Reyes-Marcos also immigrated to the U.S. from Mexico City at a young age. She became politically active both on campus and in last year’s election when she interned with Hillary Clinton’s campaign. She said she was upset by the irresponsible way Trump is dealing with DACA.


“I don’t want him to be playing around with what side he’s taking, I want a final answer so that we don’t have to keep worrying about this,” Reyes-Marcos said.


Cruz Lopez also endorsed the Chicano/Chicana-support group MEChA as a good source of support for undocumented immigrants and Reyes-Marcos cited the pro-choice group NARAL and UNLV’s Young Democrats as helpful organizations.  


But DACA students should still be aware if they decide to travel abroad. The federal government will no longer be granting Advanced Parole travel documents that allow DACA recipients to travel internationally and return to the U.S.


DACA students studying abroad in Fall 2017 should contact the UNLV Office of International Programs at 702-895-3896 or international.programs@unlv.edu, and should be careful about traveling abroad on advance parole, according to the resource guide UNLV published on its website.


Anyone whose DACA is expiring on or before March 5, 2018 needs to apply for a renewal by Oct. 5 to be considered.

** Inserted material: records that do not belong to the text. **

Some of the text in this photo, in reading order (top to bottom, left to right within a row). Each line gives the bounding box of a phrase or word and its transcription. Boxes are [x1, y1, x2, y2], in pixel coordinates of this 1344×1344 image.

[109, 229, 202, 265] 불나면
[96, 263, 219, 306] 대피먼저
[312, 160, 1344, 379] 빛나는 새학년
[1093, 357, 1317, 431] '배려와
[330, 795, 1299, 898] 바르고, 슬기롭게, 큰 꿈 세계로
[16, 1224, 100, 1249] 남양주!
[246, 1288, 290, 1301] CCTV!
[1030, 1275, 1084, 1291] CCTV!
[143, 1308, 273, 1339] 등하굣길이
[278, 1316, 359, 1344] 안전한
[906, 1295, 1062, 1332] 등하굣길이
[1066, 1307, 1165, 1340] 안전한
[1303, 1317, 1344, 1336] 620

Resources for DACA Students


United We Dream – unitedwedream.org


United We Dream is the largest immigrant youth-led organization in the U.S. Their nonpartisan network has over 100,000 immigrant youth and allies and 55 affiliate organizations in 26 states. They organize and advocate for the dignity and fair treatment of immigrant youth and families, regardless of immigration status.


United We Dream seeks to address the inequities and obstacles faced by immigrant youth and believe that by empowering immigrant youth, they can advance the cause of the entire community.

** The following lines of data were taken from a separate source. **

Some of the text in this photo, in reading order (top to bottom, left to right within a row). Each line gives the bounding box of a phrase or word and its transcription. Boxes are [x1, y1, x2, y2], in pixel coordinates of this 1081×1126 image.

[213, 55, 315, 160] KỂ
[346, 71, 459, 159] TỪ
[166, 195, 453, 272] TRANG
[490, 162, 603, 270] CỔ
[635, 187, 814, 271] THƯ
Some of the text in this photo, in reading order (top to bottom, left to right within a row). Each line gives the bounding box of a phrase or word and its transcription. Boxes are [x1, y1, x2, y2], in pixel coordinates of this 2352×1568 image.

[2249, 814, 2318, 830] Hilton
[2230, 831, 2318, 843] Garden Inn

The organization is driven by and accountable to thousands of members across the country who make up their grassroots network.


Educators for Fair Consideration – e4fc.org


E4fc provides financial support that enable undocumented people to overcome systemic barriers. The organization develops partnerships with key educational institutions to enhance their support for undocumented students, and identify promising practices that will embolden other educational institutions.


E4fc offers career training, mentorship, professional development and opportunities to educate and empower the undocumented community.


National Immigration Law Center – nilc.org/get-involved/trainings


Established in 1979, the National Immigration Law Center is exclusively dedicated to defending and advancing the rights of low-income immigrants.


The organization believes that all people who live in the U.S., regardless of race, gender, immigration or economic status, should have the opportunity to achieve their full potential. They have played a major role in addressing policies that affect the ability of low-income immigrants to prosper and thrive.